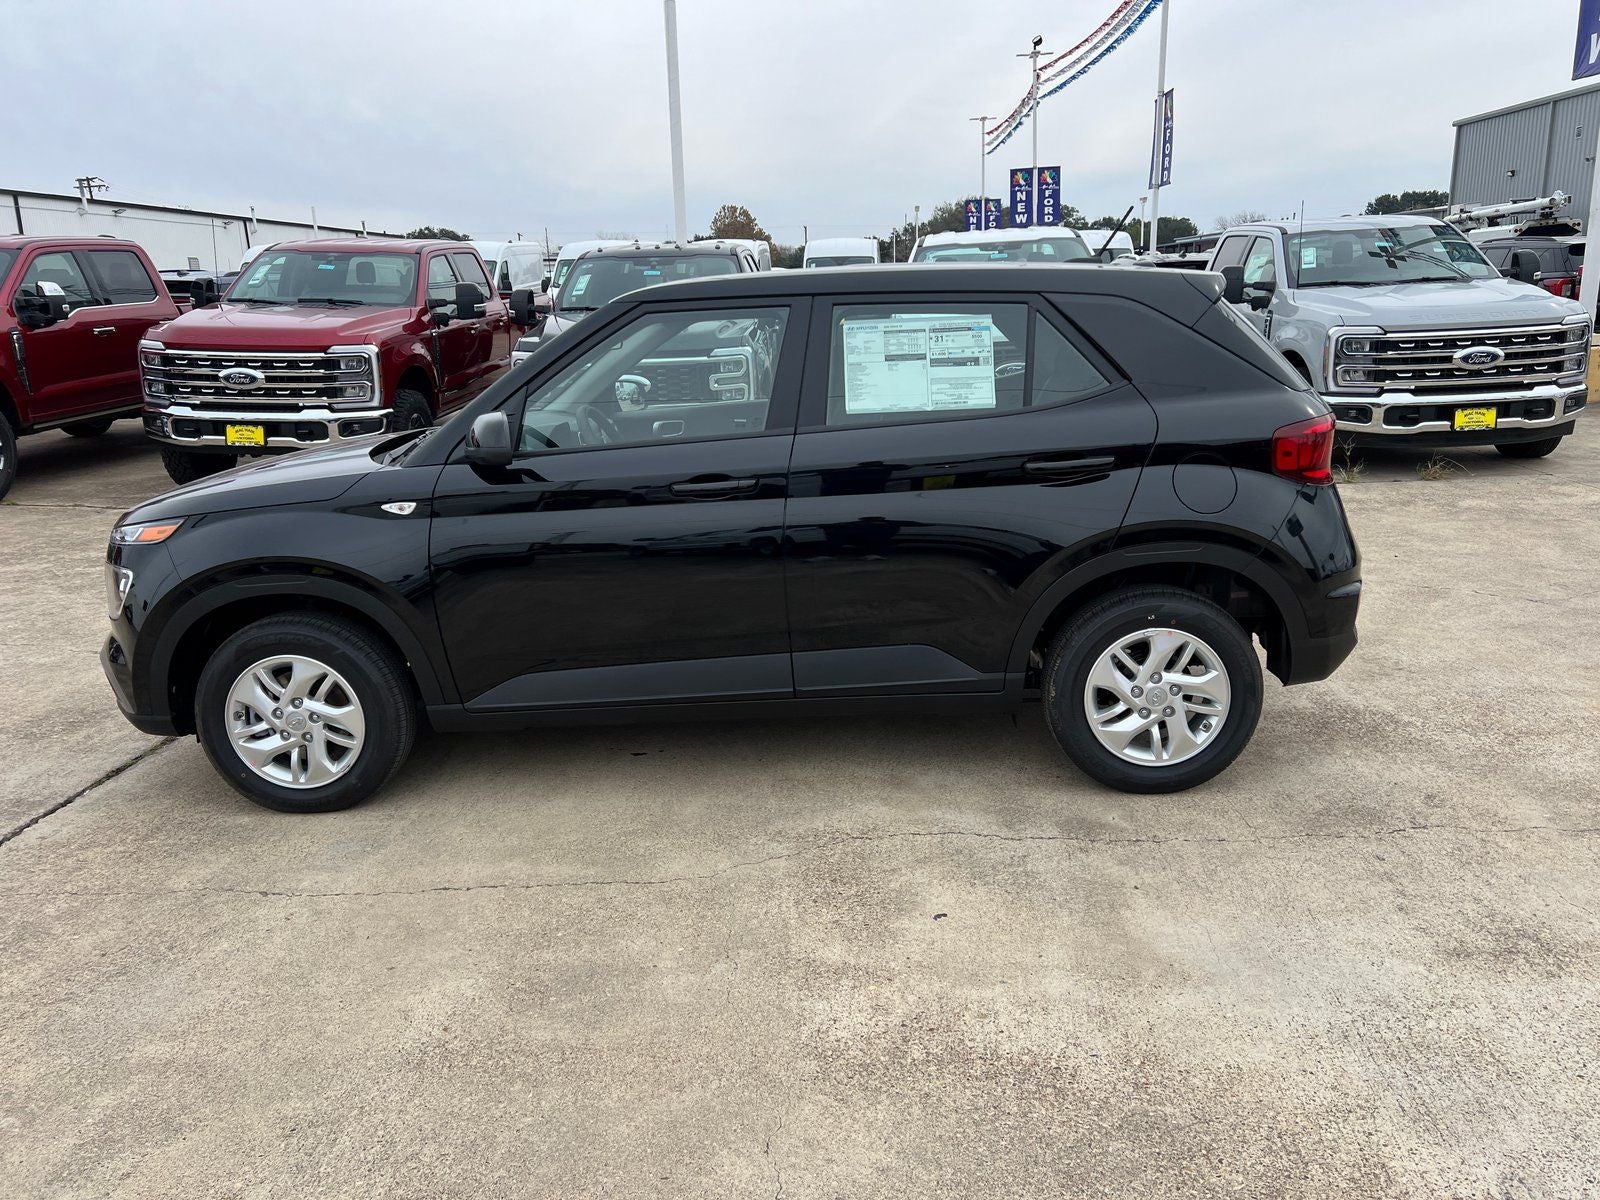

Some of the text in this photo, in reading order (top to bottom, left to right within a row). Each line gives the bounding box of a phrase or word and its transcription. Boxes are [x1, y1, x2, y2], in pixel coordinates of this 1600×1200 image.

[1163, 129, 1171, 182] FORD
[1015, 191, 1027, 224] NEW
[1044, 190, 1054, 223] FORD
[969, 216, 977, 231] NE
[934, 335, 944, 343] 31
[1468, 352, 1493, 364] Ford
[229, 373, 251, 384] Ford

□ □ □ □

Give back the whole listing exactly, without pictures.

> Result:
Some of the text in this photo, in reading order (top to bottom, left to right within a row). Each line gives the bounding box of a phrase or word and its transcription. Boxes are [x1, y1, x2, y2], in pixel coordinates of this 1600×1200 image.

[1163, 129, 1171, 182] FORD
[1015, 191, 1027, 224] NEW
[1044, 190, 1054, 223] FORD
[969, 216, 977, 231] NE
[934, 335, 944, 343] 31
[1468, 352, 1493, 364] Ford
[229, 373, 251, 384] Ford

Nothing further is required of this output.